→ **Provided records**
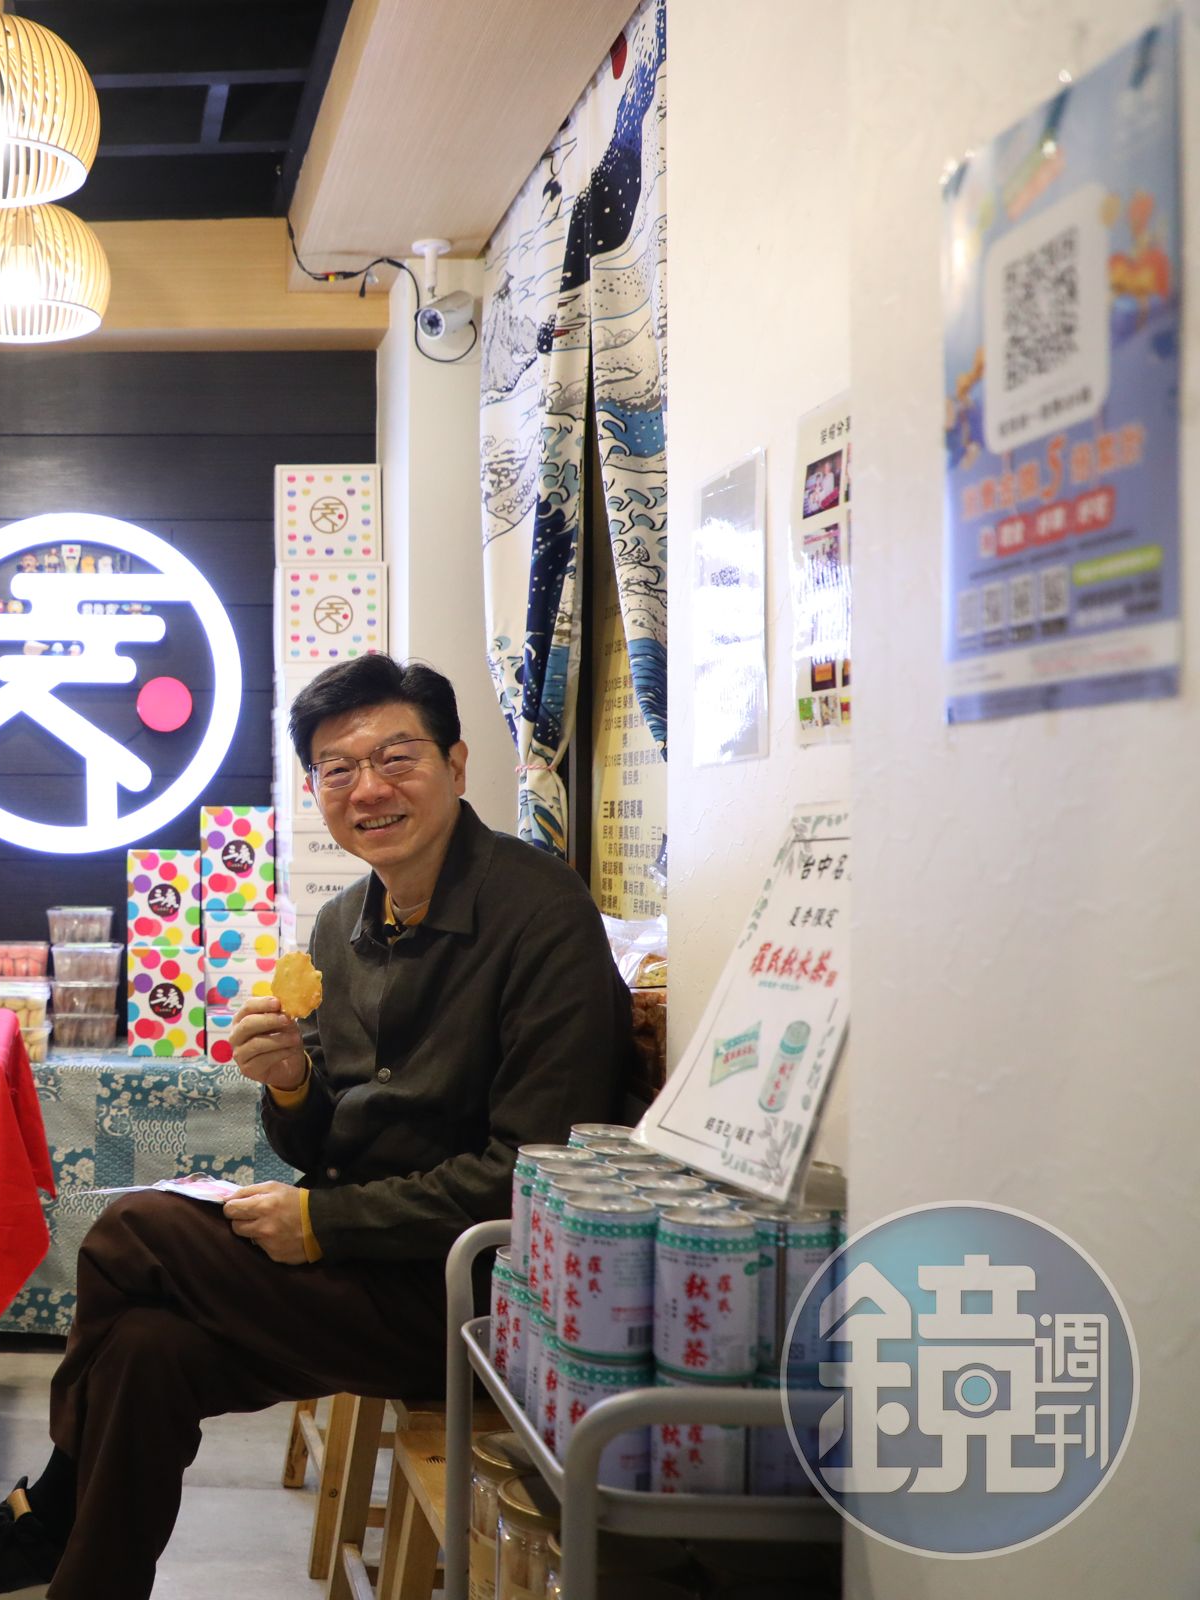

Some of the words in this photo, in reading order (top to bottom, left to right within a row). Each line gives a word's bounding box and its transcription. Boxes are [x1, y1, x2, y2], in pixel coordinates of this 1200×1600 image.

[800, 855, 852, 882] 台中名
[787, 906, 839, 929] 夏季限定
[563, 1251, 583, 1343] 秋水茶
[682, 1271, 711, 1368] 秋水茶
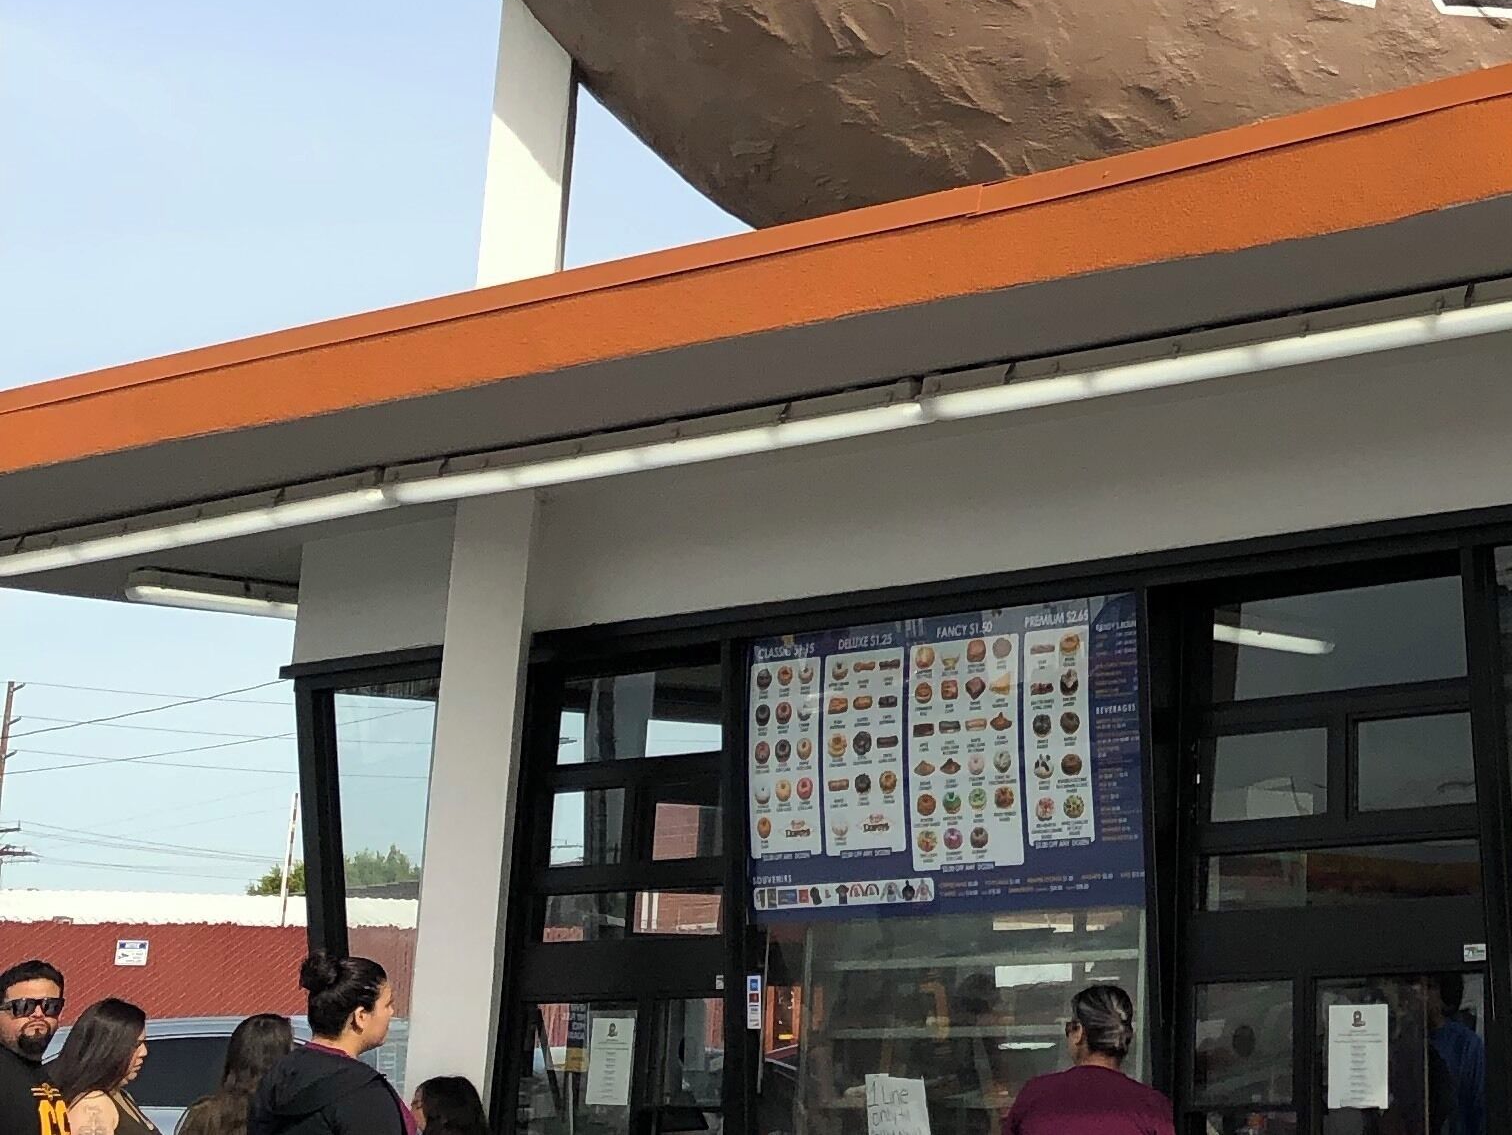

→ **Work instruction**
Transcribe every record above exactly, leaving out the pictures.

→ **Solution for this problem**
Some of the words in this photo, in reading order (top to bottom, left to right within a row). Each line gives a word's bounding box and its transcription. Boxes are [x1, y1, x2, y2], in pixel coordinates of this 1200×1600 image.

[800, 855, 852, 882] 台中名
[787, 906, 839, 929] 夏季限定
[563, 1251, 583, 1343] 秋水茶
[682, 1271, 711, 1368] 秋水茶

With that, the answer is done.